II
La capitulation du Chaco
Nous n'avons pas fini encore avec ces scènes de barbarie.
Voici un nouvel épisode tout aussi lamentable, qui achèvera de démontrer que l'influence des moeurs esclavagistes n'a pas cessé de prévaloir dans les conseils des chefs confédérés. Or, comme depuis la retraite de Mitre, la conduite de la guerre a passé, des mains du président argentin, dans celles du marquis de Caxias, c'est à ce général brésilien qu'incombe la plus grande part de responsabilité, dans l'attentat inouï que nous allons raconter.
Humaïta venait d'être évacuée, parce que ses défenseurs manquaient de vivres, mais non pas sans que les Paraguayens eussent infligé, avant d'abandonner la place, une sanglante leçon aux troupes alliées.
La bataille du 16 juillet 1868 devant Humaïta, où le corps de 15,000 hommes du général Osorio fut mitraillé à bout portant par l'artillerie paraguayenne et forcé de battre en retraite pour n'être pas entièrement détruit; puis la bataille de Acáyuasá livrée dans le Chaco, le 18 juillet, et où les Argentins, commandés par le colonel Martinez de Hoz, furent, à leur tour, taillés en pièces, avaient réduit les alliés à se renfermer dans leurs retranchements.
La garnison d'Humaïta, victorieuse par les armes, mais vaincue par la famine, se résigna à évacuer le poste qu'elle avait si bien défendu. Après avoir encloué ses canons, elle passa sur la rive droite du rio Paraguay, au nombre de 2,500 hommes, non compris les femmes et les enfants. Là, ces stoïques soldats continuèrent à se battre, malgré la disproportion du nombre, malgré la pénurie de vivres, malgré les ravages que faisait dans leurs rangs l'artillerie de l'armée ennemie, combinée avec celle de la flotte cuirassée. Les malheureux se trouvaient pris entre deux feux.
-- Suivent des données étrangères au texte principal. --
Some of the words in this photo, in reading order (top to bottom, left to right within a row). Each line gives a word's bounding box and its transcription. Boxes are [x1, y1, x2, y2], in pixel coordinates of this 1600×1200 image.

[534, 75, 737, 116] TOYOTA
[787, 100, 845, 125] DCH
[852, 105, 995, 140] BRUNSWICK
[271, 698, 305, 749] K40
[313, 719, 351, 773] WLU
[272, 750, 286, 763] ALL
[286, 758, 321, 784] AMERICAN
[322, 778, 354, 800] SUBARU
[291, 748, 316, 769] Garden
A différentes reprises, le marquis de Caxias leur fit proposer de se rendre. On pourrait supposer qu'un sentiment involontaire d'admiration pour l'héroïsme de cette poignée d'hommes dictait sa conduite au chef brésilien, si les faits ultérieurs n'étaient venus prouver qu'aucun mobile généreux n'avait inspiré ces démarches, en apparence, pacifiques. Toutefois, les Paraguayens refusèrent formellement de capituler. Le souvenir de leurs frères d'armes du Yatay et d'Uruguayana leur enlevait, non sans raison, toute confiance dans la loyauté des Brésiliens.
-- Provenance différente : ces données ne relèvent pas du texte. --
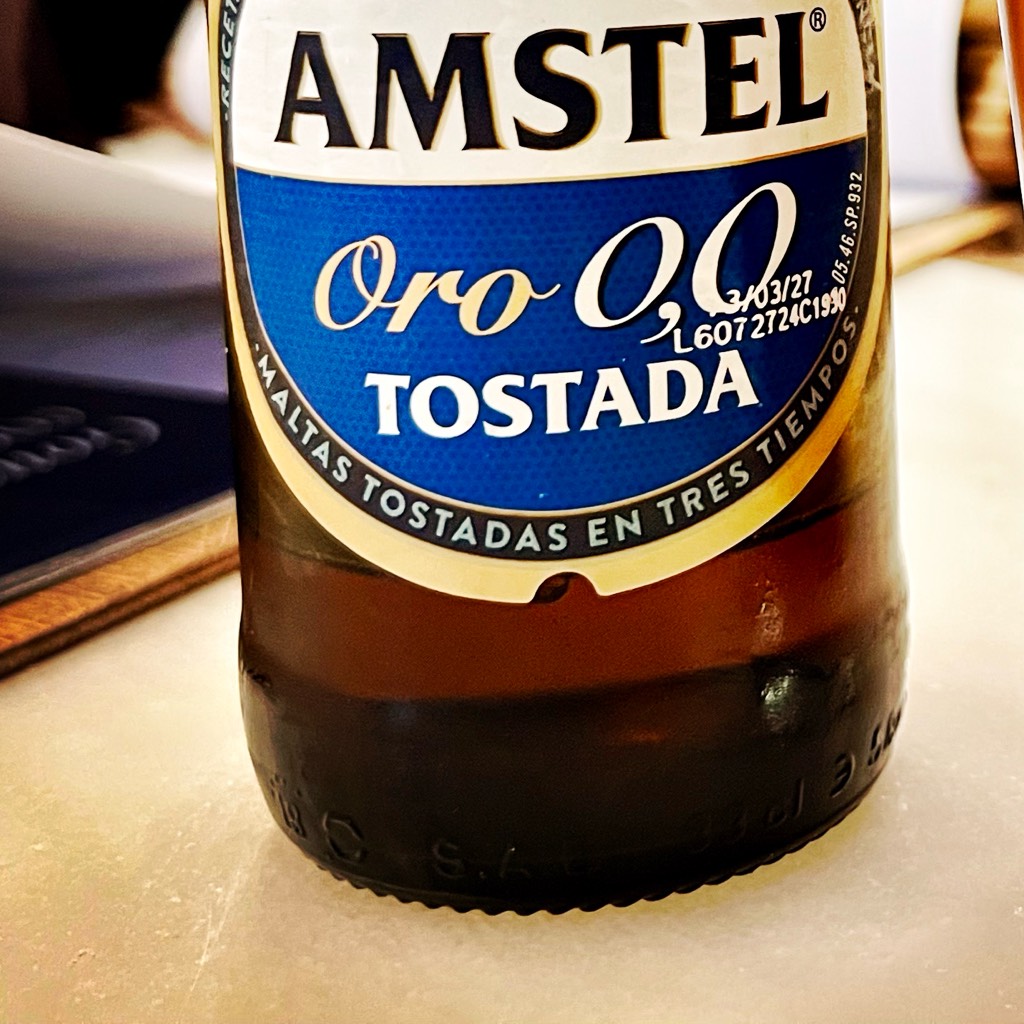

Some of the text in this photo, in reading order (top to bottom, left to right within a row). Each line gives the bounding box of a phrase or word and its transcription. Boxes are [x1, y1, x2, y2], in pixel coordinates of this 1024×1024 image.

[313, 181, 798, 344] Oro 0,0
[831, 171, 863, 285] 05.46.SP.932
[257, 314, 857, 553] MALTAS TOSTADAS EN TRES TIEMPOS
[363, 349, 760, 439] TOSTADA
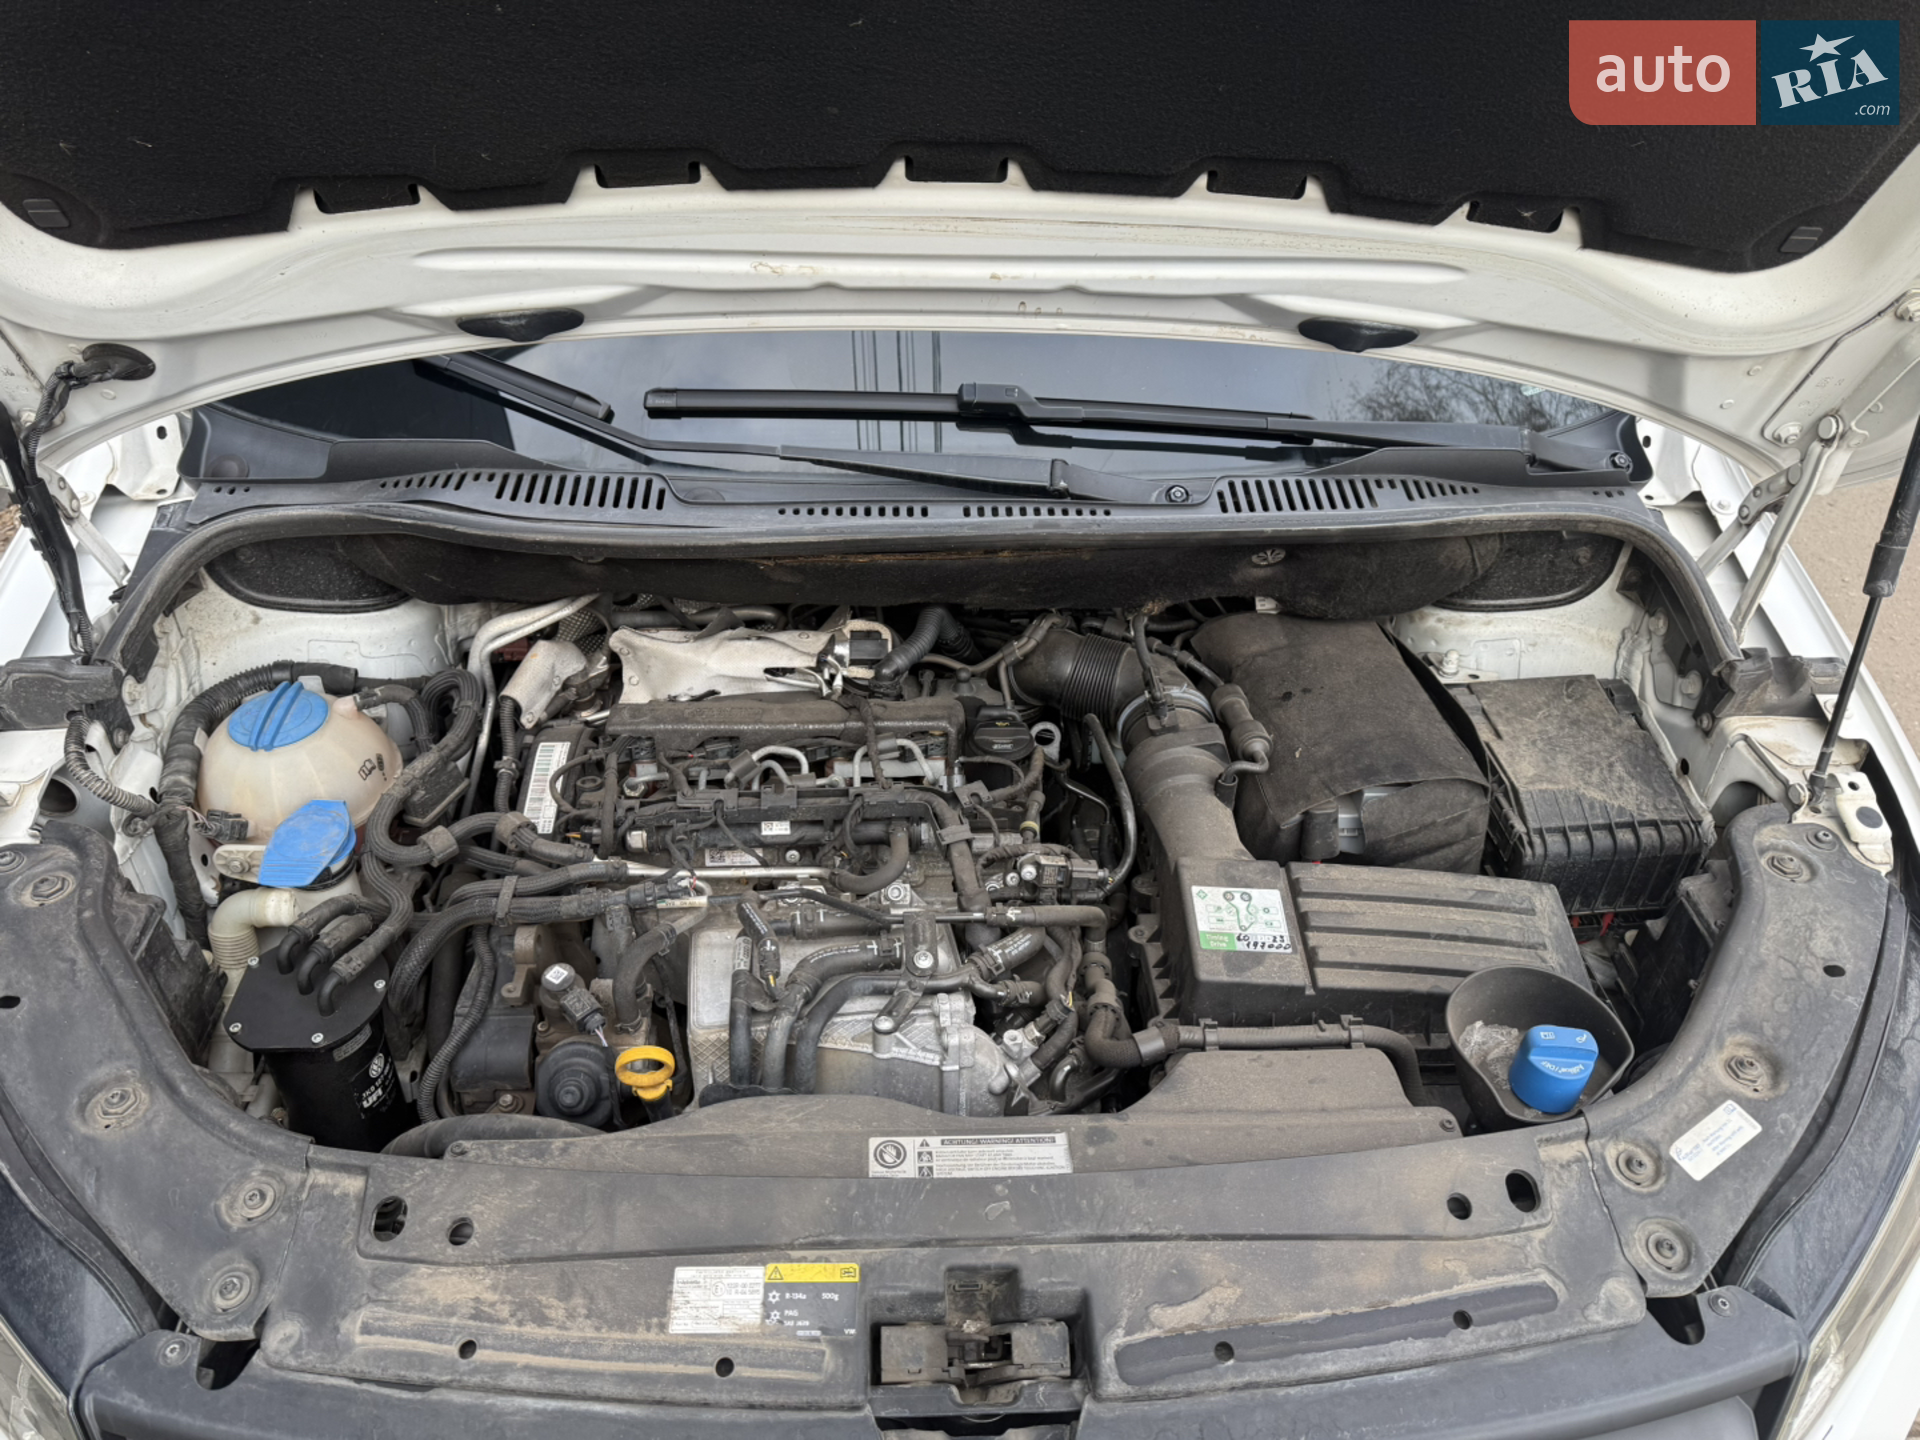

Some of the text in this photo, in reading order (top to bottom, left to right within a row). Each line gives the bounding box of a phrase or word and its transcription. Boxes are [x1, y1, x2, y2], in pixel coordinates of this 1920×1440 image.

[1206, 933, 1229, 942] Timing
[785, 1292, 839, 1301] R-134a 500g
[783, 1309, 799, 1317] PAG
La lutte continuait donc pendant le jour; mais, la nuit, des centaines de Paraguayens se pelotonnaient au fond de quelques pirogues qu'on avait réussi à soustraire aux regards de l'ennemi; et ces embarcations, entourées de branchage, ce qui, à la clarté douteuse de la lune, leur donnait l'aspect de ces îles flottantes dont le rio Paraguay est parsemé, transportaient ceux qui les montaient sur l'autre rive de la lagune Verà. Une foule considérable de femmes et d'enfants, et 1,500 soldats à peu près, parvinrent, à la faveur de ce poétique stratagème, qui rappelle la Forêt qui marche, de Macbeth, à rallier Timbó, d'où ils se dirigèrent plus tard vers les nouvelles lignes que Lopez avait établies sur les bords du Tebicuary.